RAW DATA.
=-=-=-=-=
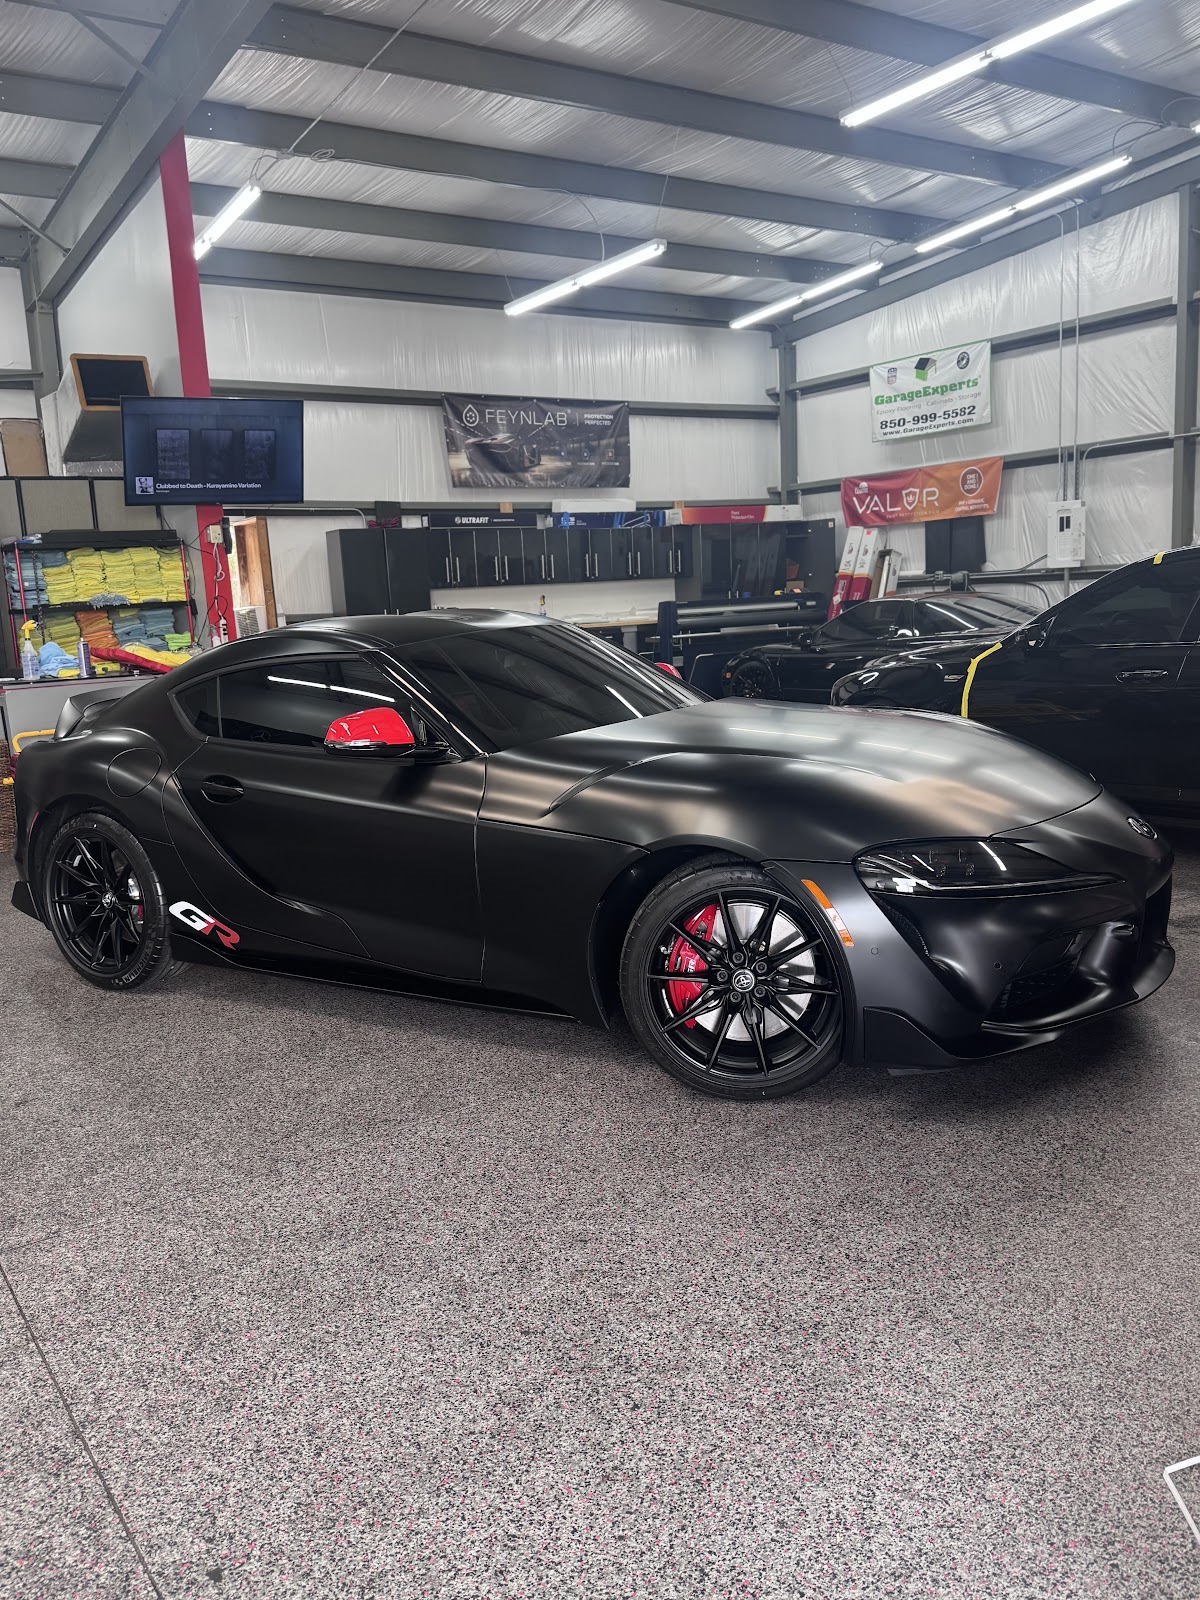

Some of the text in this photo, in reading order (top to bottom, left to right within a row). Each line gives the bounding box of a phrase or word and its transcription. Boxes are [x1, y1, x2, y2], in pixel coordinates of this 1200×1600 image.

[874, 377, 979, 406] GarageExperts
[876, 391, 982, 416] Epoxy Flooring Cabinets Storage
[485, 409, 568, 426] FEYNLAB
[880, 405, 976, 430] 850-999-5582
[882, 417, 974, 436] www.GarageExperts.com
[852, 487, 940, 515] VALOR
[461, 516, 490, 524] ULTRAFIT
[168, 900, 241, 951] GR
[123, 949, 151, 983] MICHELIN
=-=-=-=-=
TASK PROMPT.
The listing above should be repeated word for word, pictures removed.

EXPECTED OUTPUT.
Some of the text in this photo, in reading order (top to bottom, left to right within a row). Each line gives the bounding box of a phrase or word and its transcription. Boxes are [x1, y1, x2, y2], in pixel coordinates of this 1200×1600 image.

[874, 377, 979, 406] GarageExperts
[876, 391, 982, 416] Epoxy Flooring Cabinets Storage
[485, 409, 568, 426] FEYNLAB
[880, 405, 976, 430] 850-999-5582
[882, 417, 974, 436] www.GarageExperts.com
[852, 487, 940, 515] VALOR
[461, 516, 490, 524] ULTRAFIT
[168, 900, 241, 951] GR
[123, 949, 151, 983] MICHELIN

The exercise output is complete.